* **Exercise instructions**: Copy out the entries word for word, leaving images aside.

* **Data shown**:
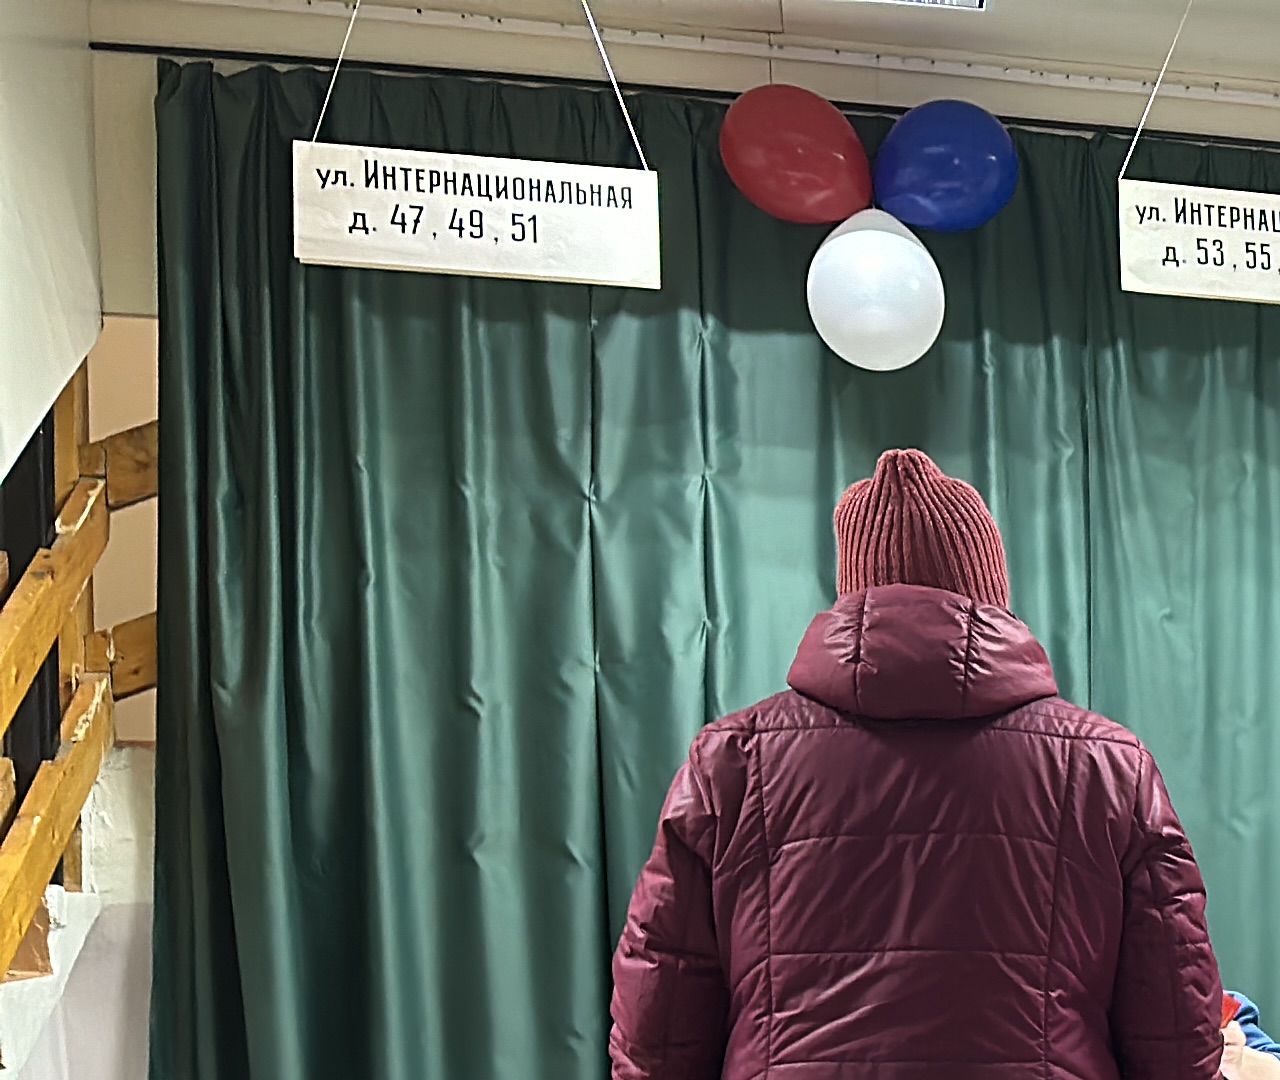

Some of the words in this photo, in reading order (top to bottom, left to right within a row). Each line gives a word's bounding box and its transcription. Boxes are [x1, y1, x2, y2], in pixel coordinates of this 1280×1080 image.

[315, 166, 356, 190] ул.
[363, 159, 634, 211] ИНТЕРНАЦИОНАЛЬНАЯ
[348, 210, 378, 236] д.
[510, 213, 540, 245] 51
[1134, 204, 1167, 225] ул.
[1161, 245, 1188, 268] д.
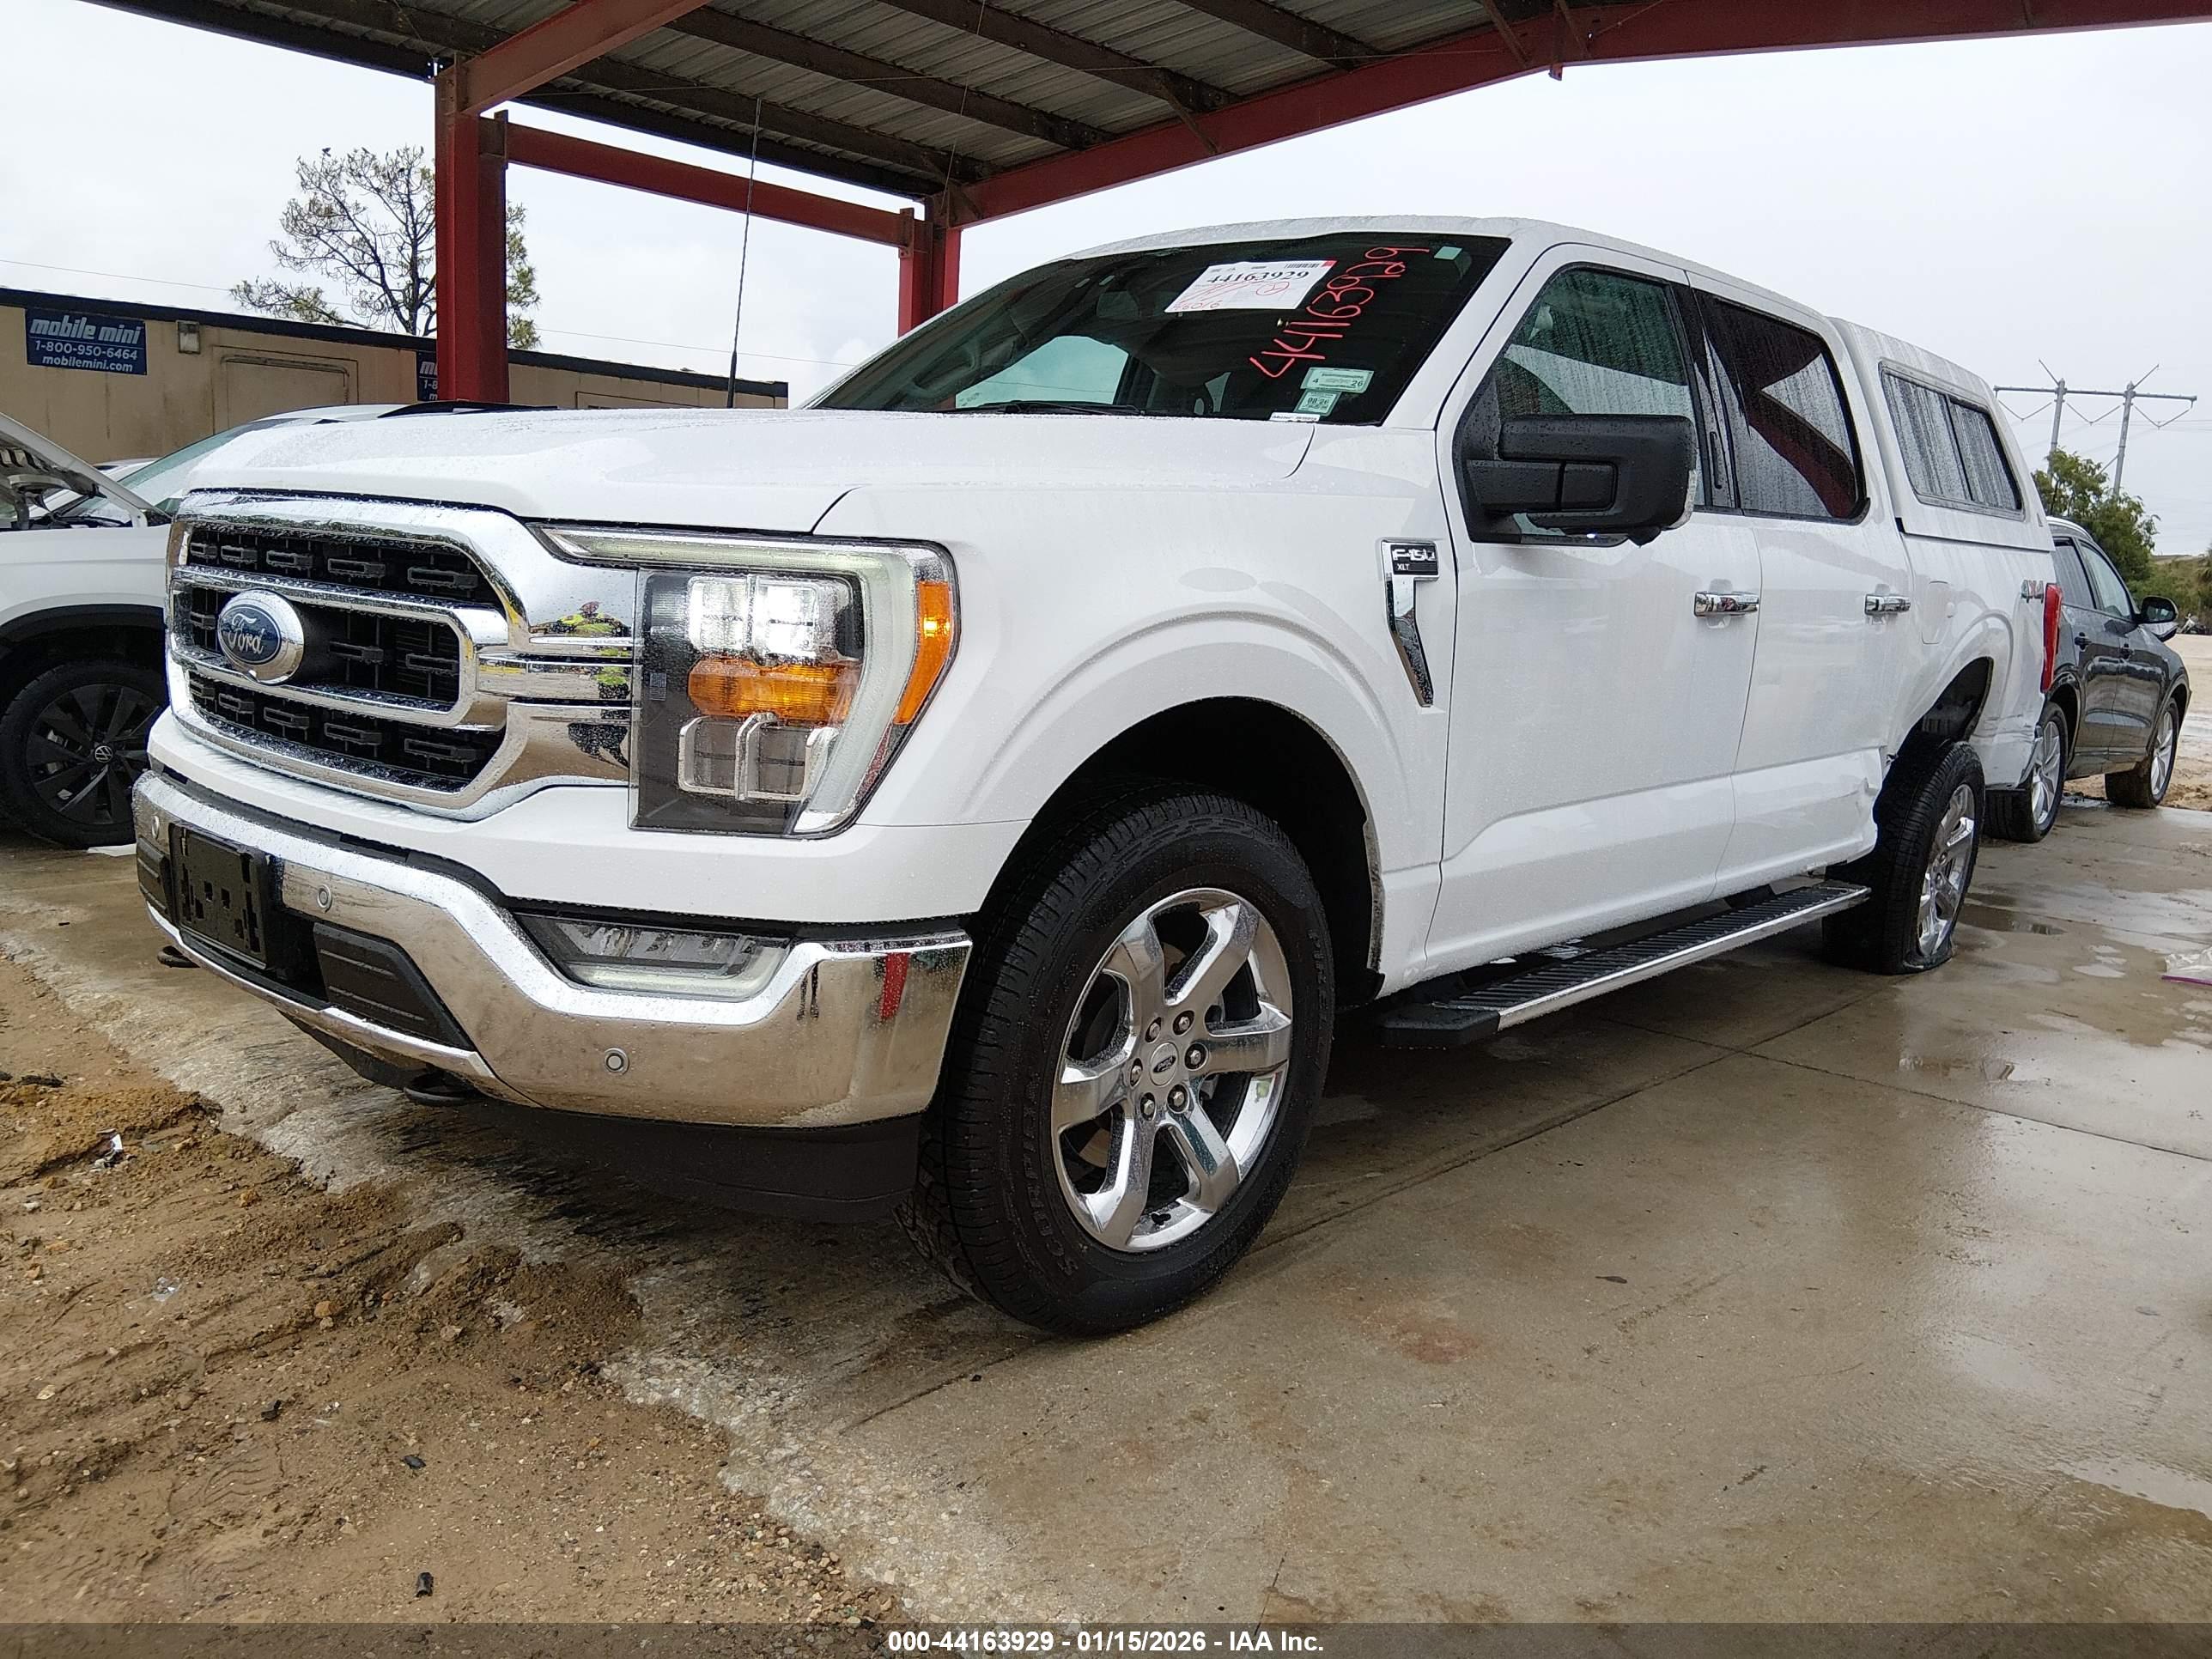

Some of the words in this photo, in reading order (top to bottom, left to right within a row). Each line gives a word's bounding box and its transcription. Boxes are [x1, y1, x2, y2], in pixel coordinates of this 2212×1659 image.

* **Response area**:
Some of the words in this photo, in reading order (top to bottom, left to right within a row). Each line gives a word's bounding box and its transcription. Boxes are [x1, y1, x2, y2], in pixel coordinates of this 1280×1080 image.

[315, 166, 356, 190] ул.
[363, 159, 634, 211] ИНТЕРНАЦИОНАЛЬНАЯ
[348, 210, 378, 236] д.
[510, 213, 540, 245] 51
[1134, 204, 1167, 225] ул.
[1161, 245, 1188, 268] д.

Some of the words in this photo, in reading order (top to bottom, left to right within a row). Each line gives a word's bounding box and its transcription. Boxes are [x1, y1, x2, y2], in pixel coordinates of this 2212×1659 image.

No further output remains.